FREEZE Warning tonight!
Wow! Global climate change is making a huge impact here in Ohio with a FREEZE warning on the last day of September?!? Not even any frosts first, we’re going right to a freeze. Geeze. We are two weeks early from our October 15 date, the usual “first frost” date for Zone 5/6. Don’t panic! While it is expected to get to 32 degrees tonight, this is not likely to be a hard freeze and many of your summer plants can be covered and protected . Bring in any houseplants and cover summer vegetable plants with blankets. I’m afraid just sheets are not going to be enough. If you have a trellis, drape the blanket over the trellis and anchor it around your garden box. If you don’t have a trellis, try to support the blanket in some way with sticks into the ground. If you can’t, just covering it will be better than not. This is not the end of warm temperatures and our “Indian Summer” will show up soon! If you’re tired of gardening and would just like to salvage what you can, tomatoes can be picked green, wrapped in newspaper and kept in a cool, dry area such as a basement. They will ripen slowly over the next couple of months and you might have home-grown tomatoes at Thanksgiving or Christmas! Be sure to check them periodically to be sure they are not rotting. Pick whatever other vegetables are ripe and then remove plants after they’ve died back from the freeze. If you planted “spring” vegetables in August or September, they will be OK. In fact, kale, brussels sprouts and other cole-family plants LIKE frost and the frost will improve flavor. Cover spinach and lettuce lightly to protect them, but they should do OK.
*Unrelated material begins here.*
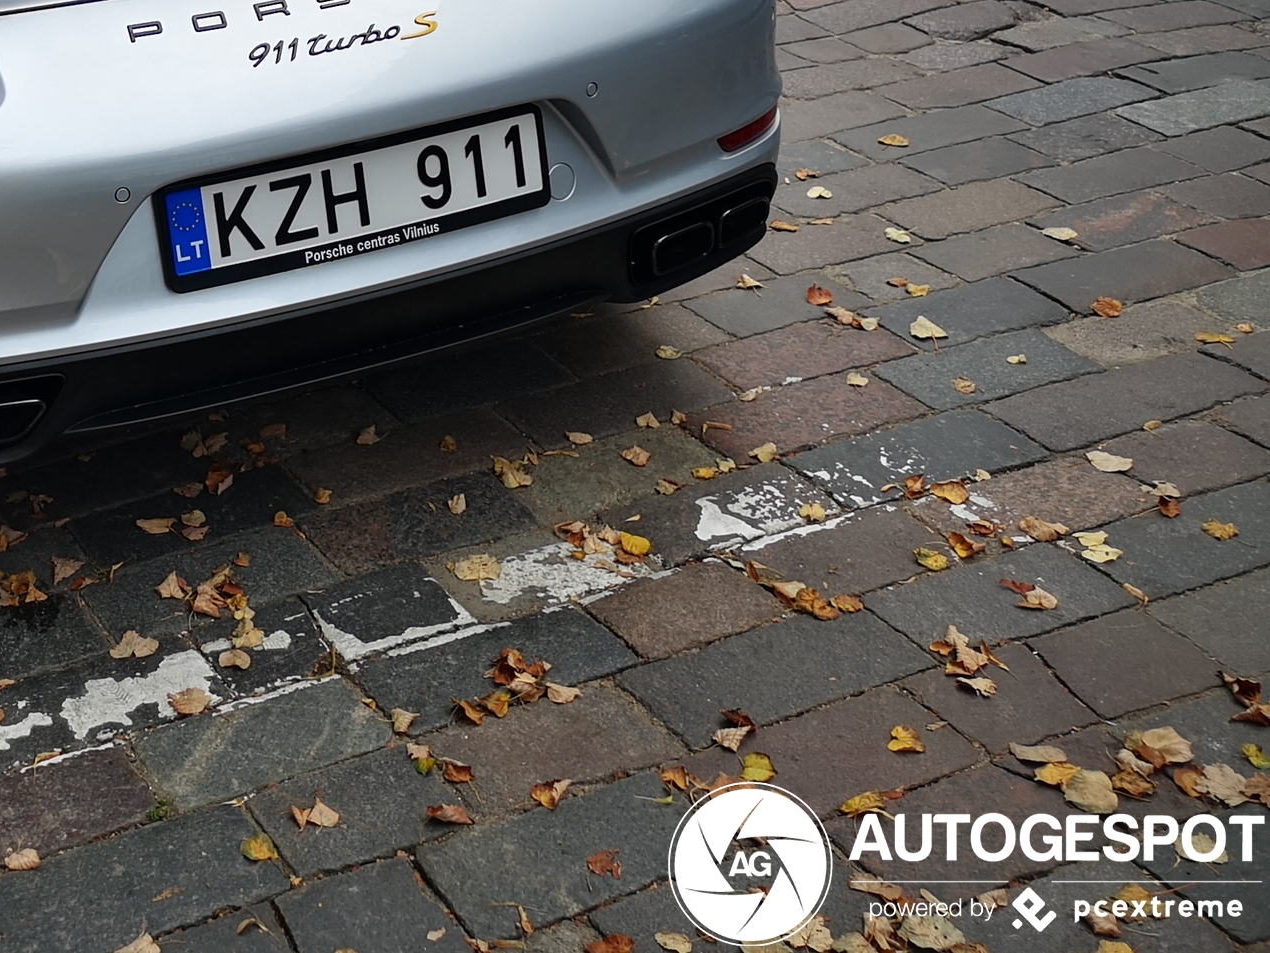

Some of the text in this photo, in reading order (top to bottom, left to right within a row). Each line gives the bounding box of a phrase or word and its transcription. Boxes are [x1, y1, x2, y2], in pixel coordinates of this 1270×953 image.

Anyone interested in a workshop yet this fall? I think I still have enough ingredients left to mix soil and, quite frankly, I need some help getting boxes built and ready in my yard for the spring! We’ll start from measuring and mapping the yard, determining layout, design for most efficient use of space for maximum growth, building boxes, mixing soil and we might even build a couple of low hoop houses for some winter greens. We’ll discuss how to integrate food production within the landscape (although, right now I’m mostly focused on food production in my small yard, but we still want some pretty) and even incorporate some edible landscaping plants!